## The data
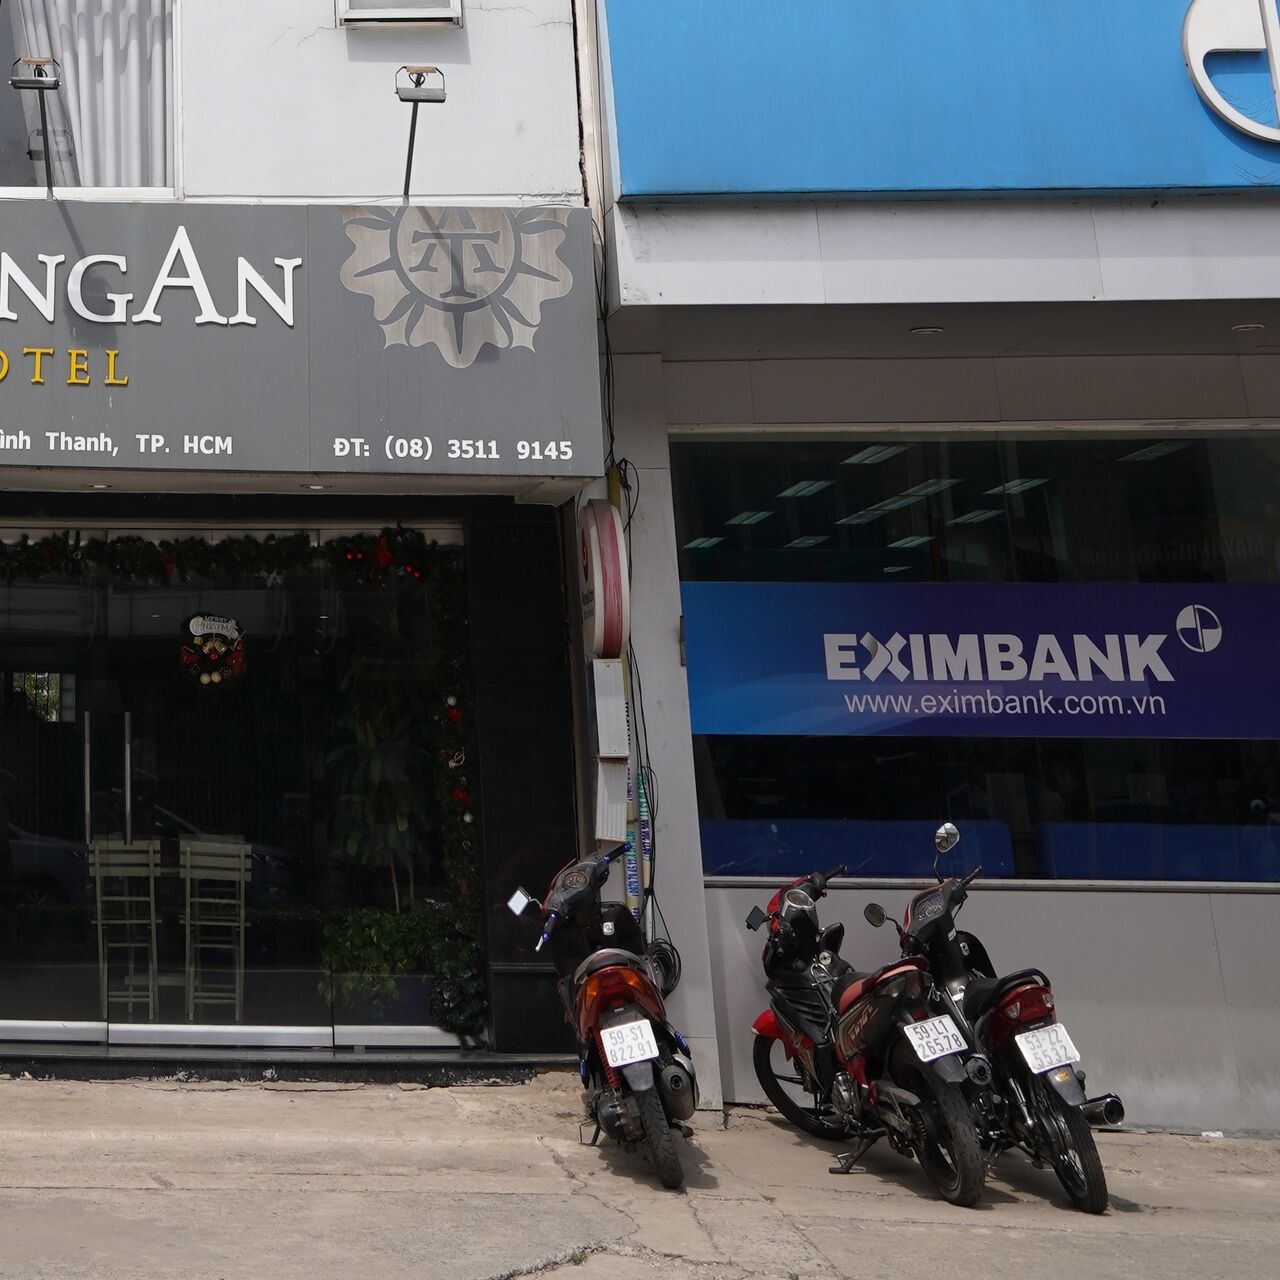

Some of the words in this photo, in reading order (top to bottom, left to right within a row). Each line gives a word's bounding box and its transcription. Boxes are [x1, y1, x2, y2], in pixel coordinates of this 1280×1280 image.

[135, 434, 170, 454] TP.
[183, 435, 234, 455] HCM
[333, 437, 370, 458] ĐT:
[384, 435, 434, 461] (08)
[447, 439, 500, 459] 3511
[516, 440, 574, 460] 9145
[822, 631, 1175, 682] EXIMBANK
[844, 691, 1167, 717] www.eximbank.com.vn
[609, 1025, 644, 1047] 59-S1
[912, 1019, 949, 1041] 59-L1
[918, 1033, 963, 1059] 265.78

## Task objective
If an entry above contains a picture, leave that picture out and copy everything else exactly.

## Response to this exercise
Some of the words in this photo, in reading order (top to bottom, left to right within a row). Each line gives a word's bounding box and its transcription. Boxes are [x1, y1, x2, y2], in pixel coordinates of this 1280×1280 image.

[135, 434, 170, 454] TP.
[183, 435, 234, 455] HCM
[333, 437, 370, 458] ĐT:
[384, 435, 434, 461] (08)
[447, 439, 500, 459] 3511
[516, 440, 574, 460] 9145
[822, 631, 1175, 682] EXIMBANK
[844, 691, 1167, 717] www.eximbank.com.vn
[609, 1025, 644, 1047] 59-S1
[912, 1019, 949, 1041] 59-L1
[918, 1033, 963, 1059] 265.78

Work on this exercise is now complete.